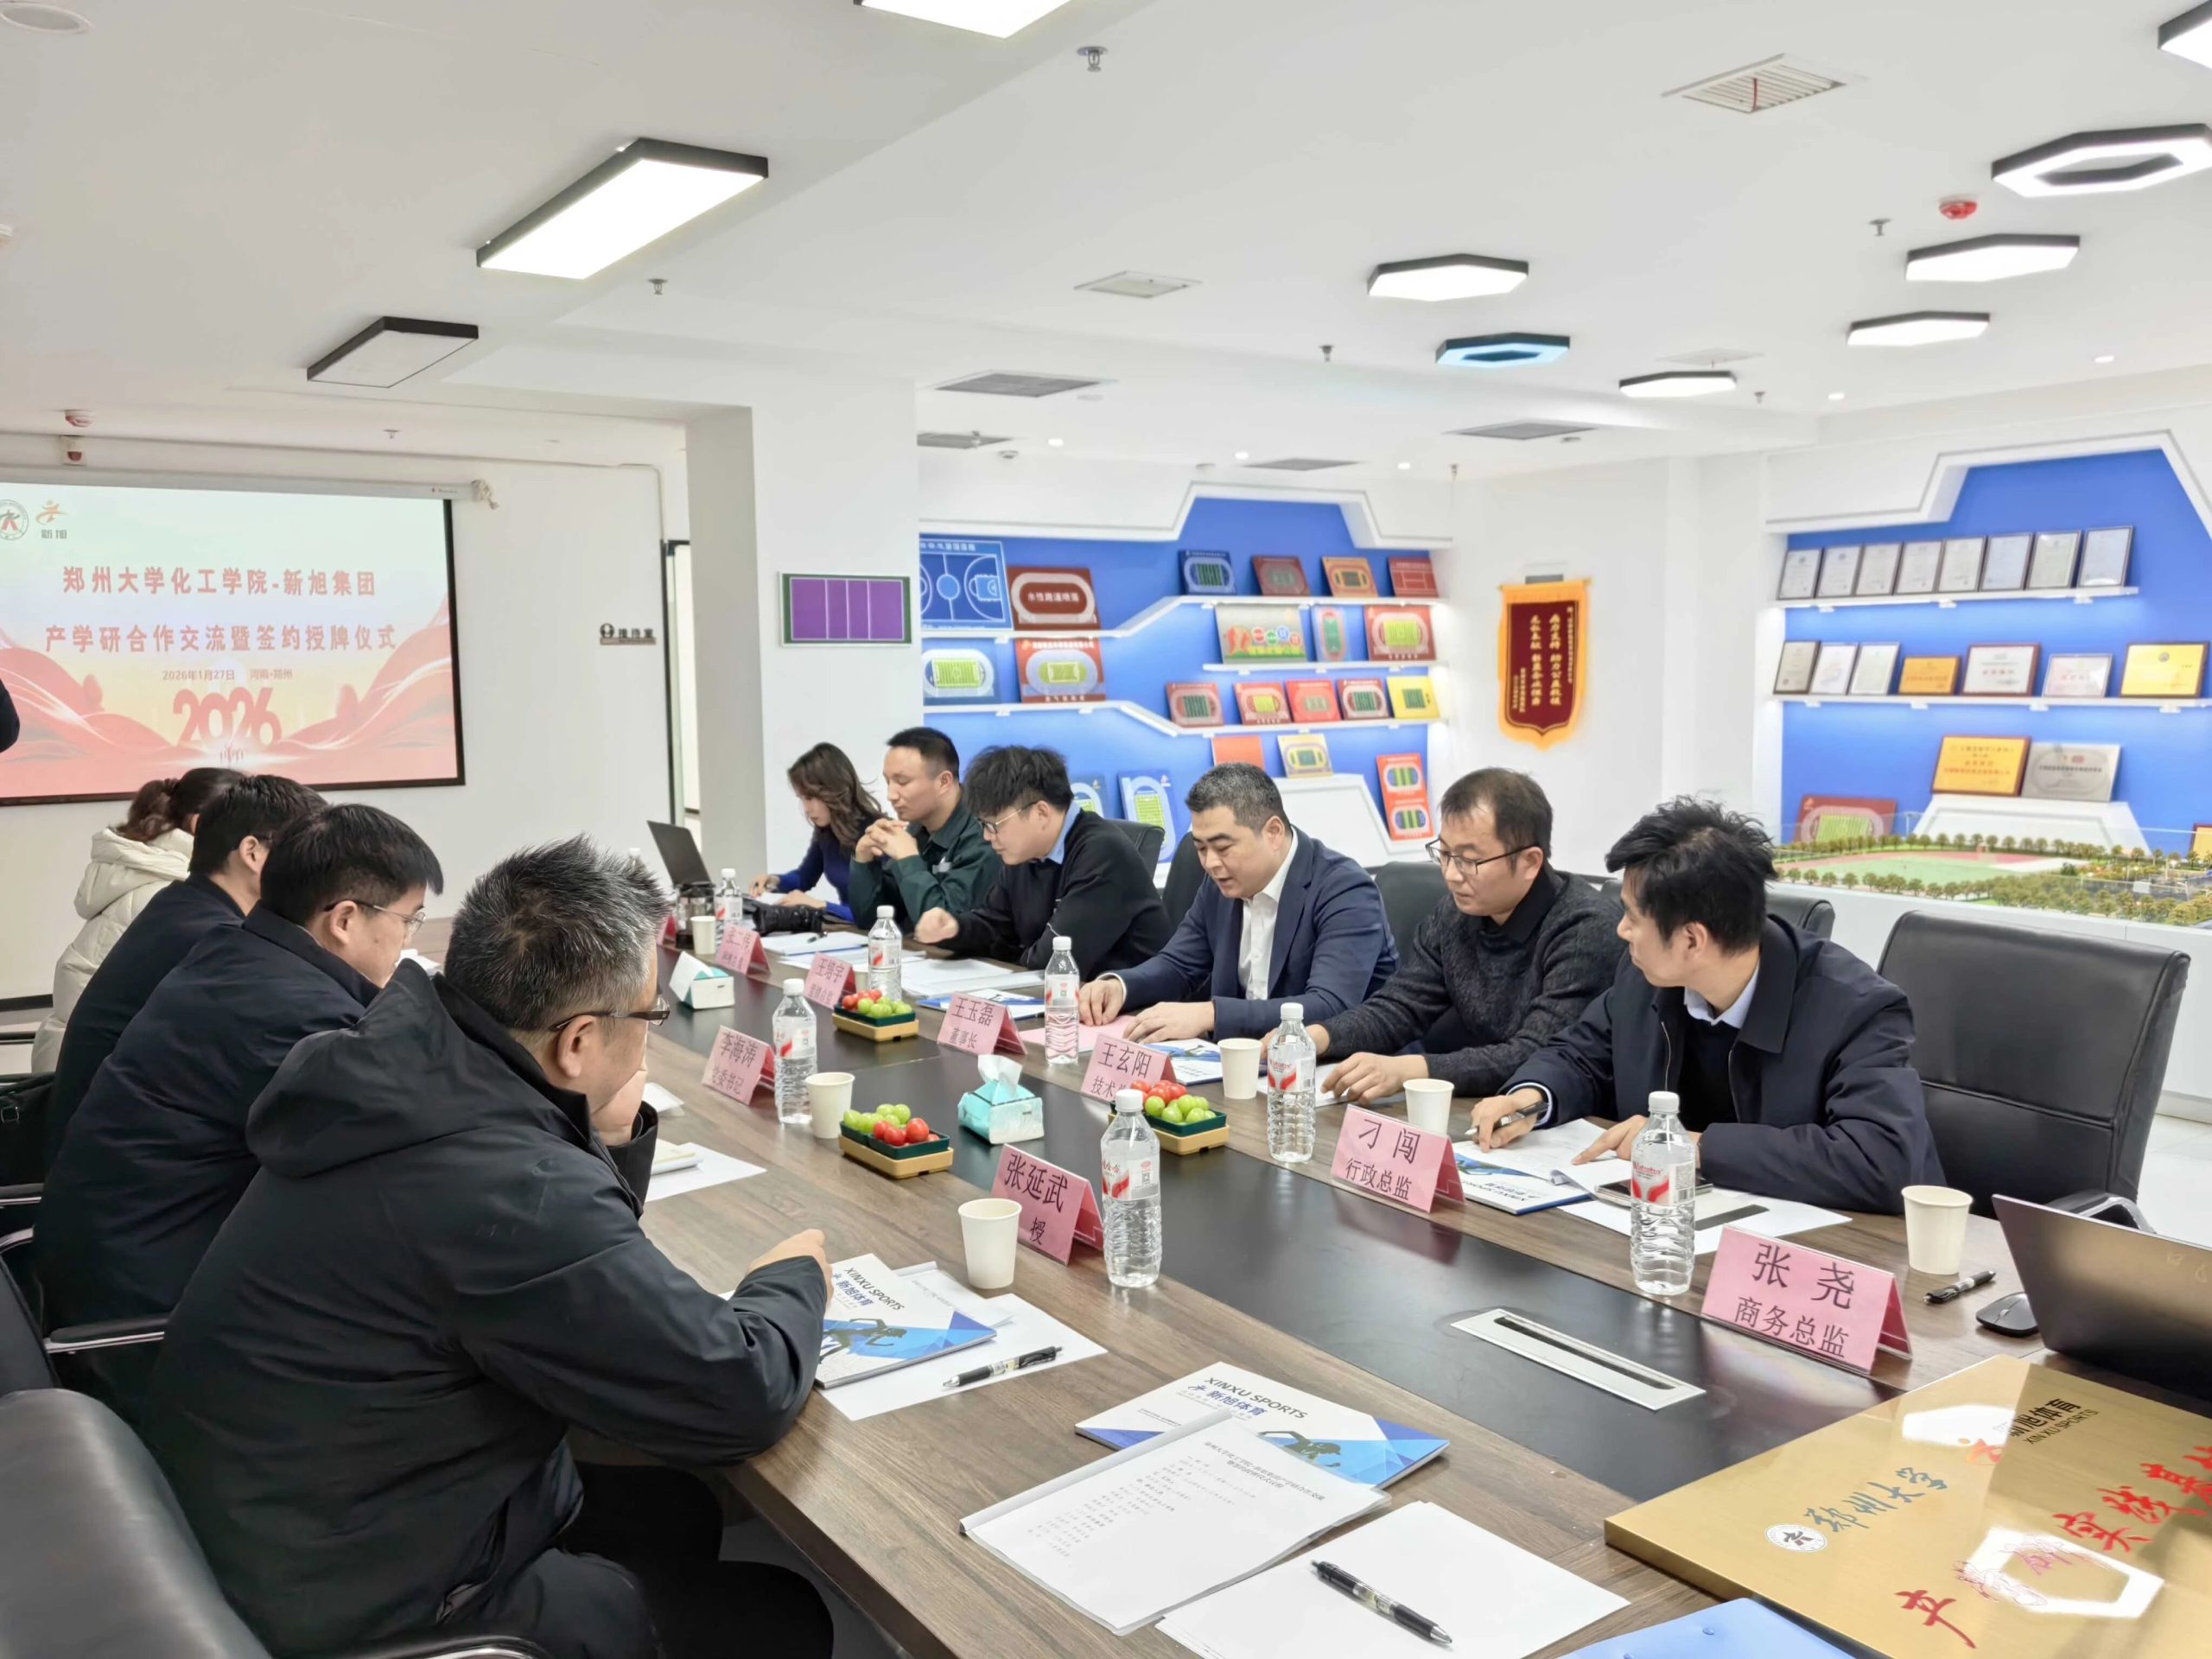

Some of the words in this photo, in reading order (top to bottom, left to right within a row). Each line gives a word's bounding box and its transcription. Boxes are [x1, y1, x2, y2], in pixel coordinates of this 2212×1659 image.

[62, 566, 376, 596] 郑州大学化工学院-新旭集团
[45, 624, 397, 653] 产学研合作交流暨签约授牌仪式
[162, 669, 235, 681] 2026年1月27日
[173, 686, 283, 747] 2026
[951, 996, 995, 1027] 王玉磊
[719, 1031, 758, 1068] 李海涛
[949, 1027, 977, 1049] 董事长
[1097, 1042, 1152, 1078] 王玄阳
[712, 1065, 744, 1095] 党委书记
[1357, 1118, 1421, 1165] 刁闯
[1003, 1153, 1068, 1213] 张延武
[1344, 1156, 1413, 1201] 行政总监
[836, 1280, 875, 1306] 新旭体育
[843, 1267, 874, 1290] XINXU
[868, 1288, 906, 1311] SPORTS
[1751, 1243, 1856, 1311] 张尧
[1732, 1295, 1850, 1359] 商务总监
[1204, 1377, 1252, 1397] XINXU
[1249, 1395, 1309, 1419] SPORTS
[1206, 1389, 1268, 1416] 新旭体育
[2023, 1433, 2047, 1445] XIN
[2041, 1426, 2061, 1436] XU
[2055, 1408, 2100, 1428] SPORTS
[1803, 1466, 1948, 1533] 郑州大学
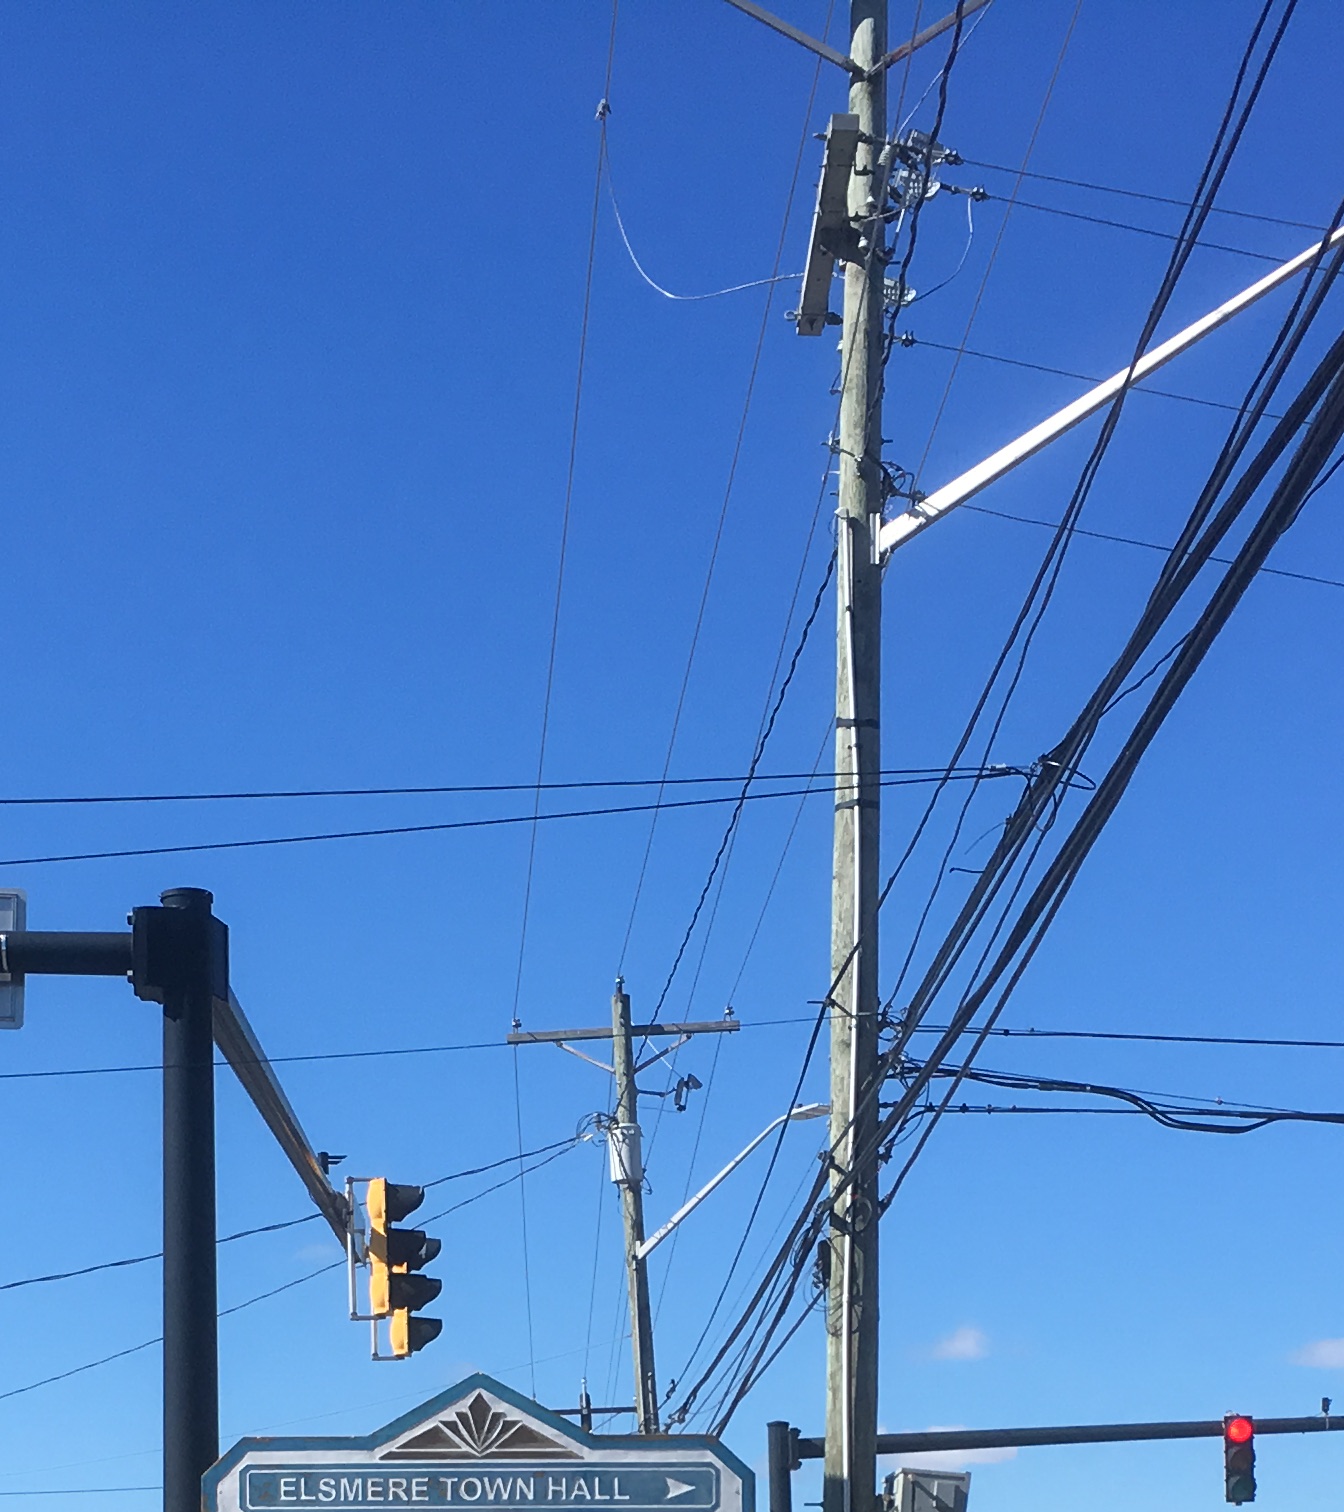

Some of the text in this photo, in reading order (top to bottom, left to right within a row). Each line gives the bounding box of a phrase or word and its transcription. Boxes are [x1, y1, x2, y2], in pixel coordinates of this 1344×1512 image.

[279, 1476, 631, 1502] ELSMERE TOWN HALL

= = = = =

» **Work item**: Print the listing again exactly as it appears, except for the pictures, which stay out.

» **Response area**:
Some of the words in this photo, in reading order (top to bottom, left to right within a row). Each line gives a word's bounding box and its transcription. Boxes are [x1, y1, x2, y2], in pixel coordinates of this 2212×1659 image.

[62, 566, 376, 596] 郑州大学化工学院-新旭集团
[45, 624, 397, 653] 产学研合作交流暨签约授牌仪式
[162, 669, 235, 681] 2026年1月27日
[173, 686, 283, 747] 2026
[951, 996, 995, 1027] 王玉磊
[719, 1031, 758, 1068] 李海涛
[949, 1027, 977, 1049] 董事长
[1097, 1042, 1152, 1078] 王玄阳
[712, 1065, 744, 1095] 党委书记
[1357, 1118, 1421, 1165] 刁闯
[1003, 1153, 1068, 1213] 张延武
[1344, 1156, 1413, 1201] 行政总监
[836, 1280, 875, 1306] 新旭体育
[843, 1267, 874, 1290] XINXU
[868, 1288, 906, 1311] SPORTS
[1751, 1243, 1856, 1311] 张尧
[1732, 1295, 1850, 1359] 商务总监
[1204, 1377, 1252, 1397] XINXU
[1249, 1395, 1309, 1419] SPORTS
[1206, 1389, 1268, 1416] 新旭体育
[2023, 1433, 2047, 1445] XIN
[2041, 1426, 2061, 1436] XU
[2055, 1408, 2100, 1428] SPORTS
[1803, 1466, 1948, 1533] 郑州大学

Some of the text in this photo, in reading order (top to bottom, left to right within a row). Each line gives the bounding box of a phrase or word and its transcription. Boxes are [x1, y1, x2, y2], in pixel coordinates of this 1344×1512 image.

[279, 1476, 631, 1502] ELSMERE TOWN HALL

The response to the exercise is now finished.